_Problem_:
Write out all of the records below precisely as given, omitting the images.

BEGIN Dataset entries

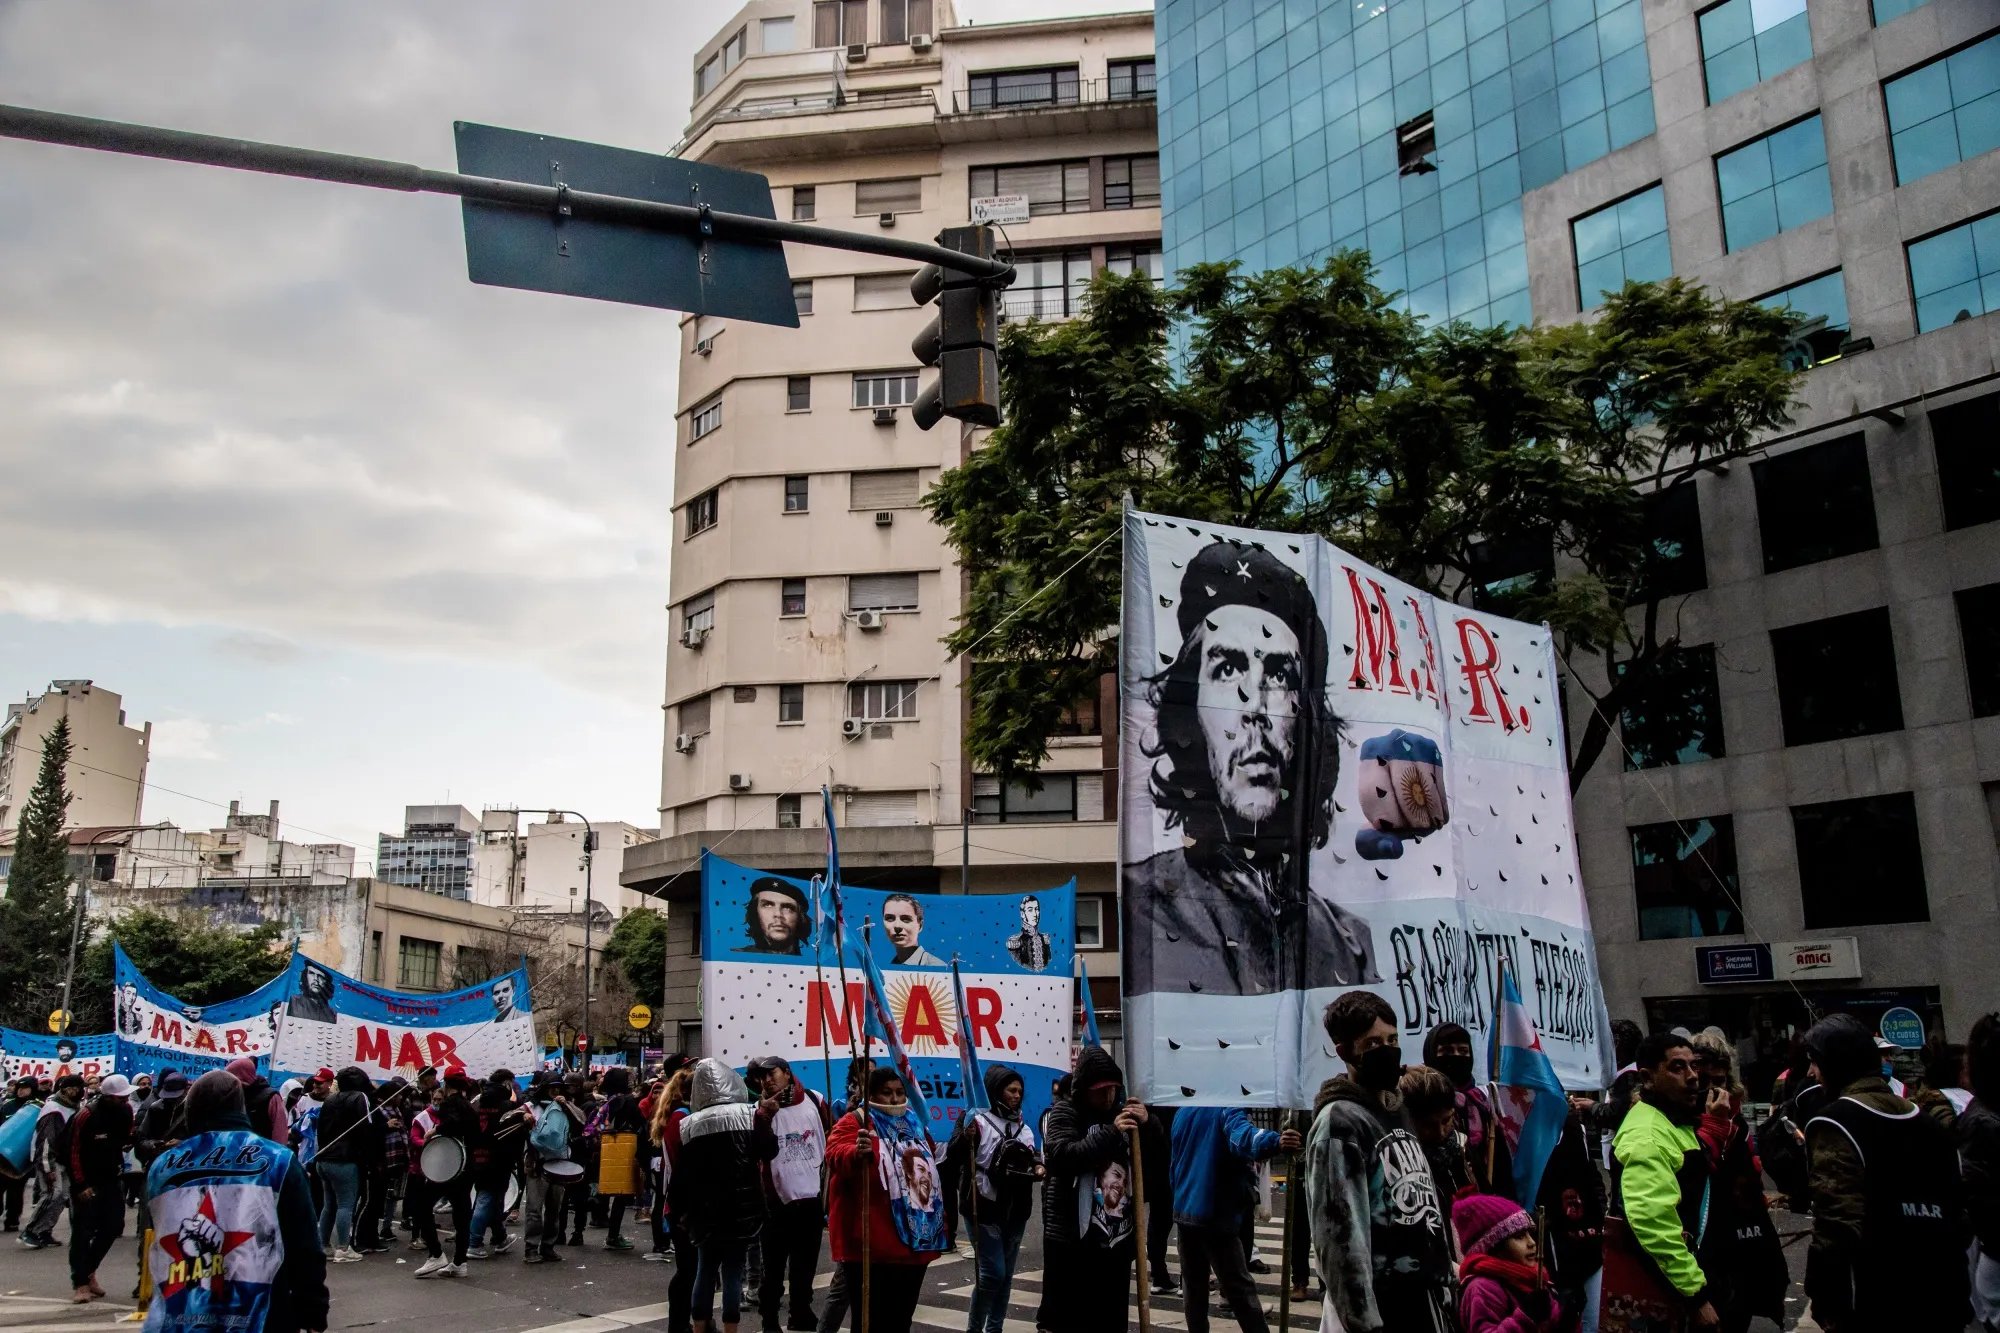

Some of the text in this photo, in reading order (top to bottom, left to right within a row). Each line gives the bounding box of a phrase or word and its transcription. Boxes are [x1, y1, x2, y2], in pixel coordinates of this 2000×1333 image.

[386, 1003, 439, 1017] MARTIN
[151, 1013, 259, 1054] M.A.R.
[1896, 1031, 1920, 1039] CUOTAS
[137, 1046, 190, 1063] PARQUE
[194, 1056, 221, 1067] SAN
[355, 1025, 467, 1071] MAR
[1901, 1202, 1943, 1219] M.A.R

END Dataset entries

_Response area_:
Some of the text in this photo, in reading order (top to bottom, left to right within a row). Each line gives the bounding box of a phrase or word and its transcription. Boxes are [x1, y1, x2, y2], in pixel coordinates of this 2000×1333 image.

[386, 1003, 439, 1017] MARTIN
[151, 1013, 259, 1054] M.A.R.
[1896, 1031, 1920, 1039] CUOTAS
[137, 1046, 190, 1063] PARQUE
[194, 1056, 221, 1067] SAN
[355, 1025, 467, 1071] MAR
[1901, 1202, 1943, 1219] M.A.R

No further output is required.